What you have to do: The full set of lines below has to be duplicated exactly, with no picture kept.

Stored data entries
'''

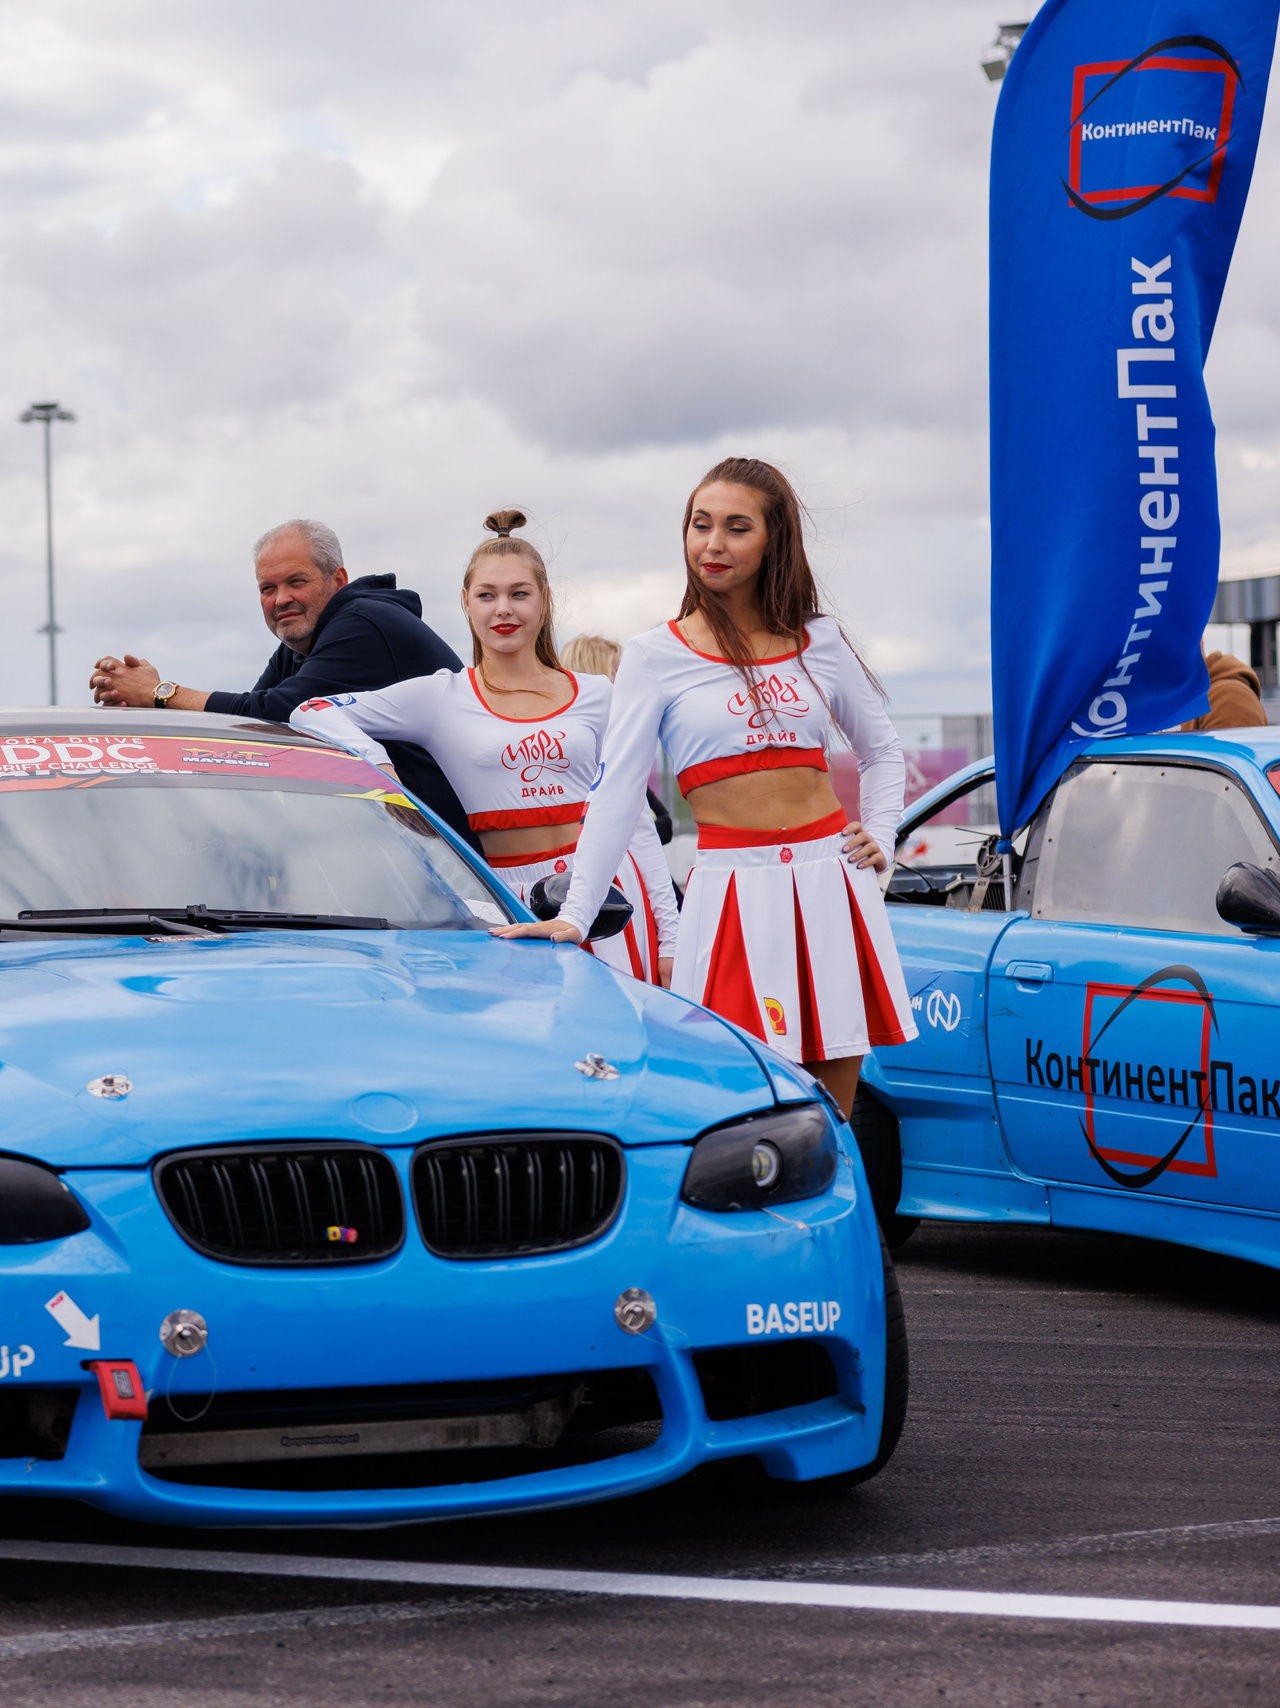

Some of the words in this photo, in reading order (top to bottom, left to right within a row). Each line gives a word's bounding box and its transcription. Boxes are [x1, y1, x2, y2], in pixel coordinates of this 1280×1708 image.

[1081, 118, 1217, 141] КонтинентПак
[68, 737, 144, 745] DRIVE
[746, 730, 796, 745] ДРАЙВ
[48, 762, 159, 770] CHALLENGE
[182, 757, 270, 767] MATSURI
[522, 783, 564, 798] ДРАЙВ
[1025, 1038, 1280, 1119] КонтинентПак
[746, 1301, 841, 1335] BASEUP

'''

Written response:
Some of the words in this photo, in reading order (top to bottom, left to right within a row). Each line gives a word's bounding box and its transcription. Boxes are [x1, y1, x2, y2], in pixel coordinates of this 1280×1708 image.

[1081, 118, 1217, 141] КонтинентПак
[68, 737, 144, 745] DRIVE
[746, 730, 796, 745] ДРАЙВ
[48, 762, 159, 770] CHALLENGE
[182, 757, 270, 767] MATSURI
[522, 783, 564, 798] ДРАЙВ
[1025, 1038, 1280, 1119] КонтинентПак
[746, 1301, 841, 1335] BASEUP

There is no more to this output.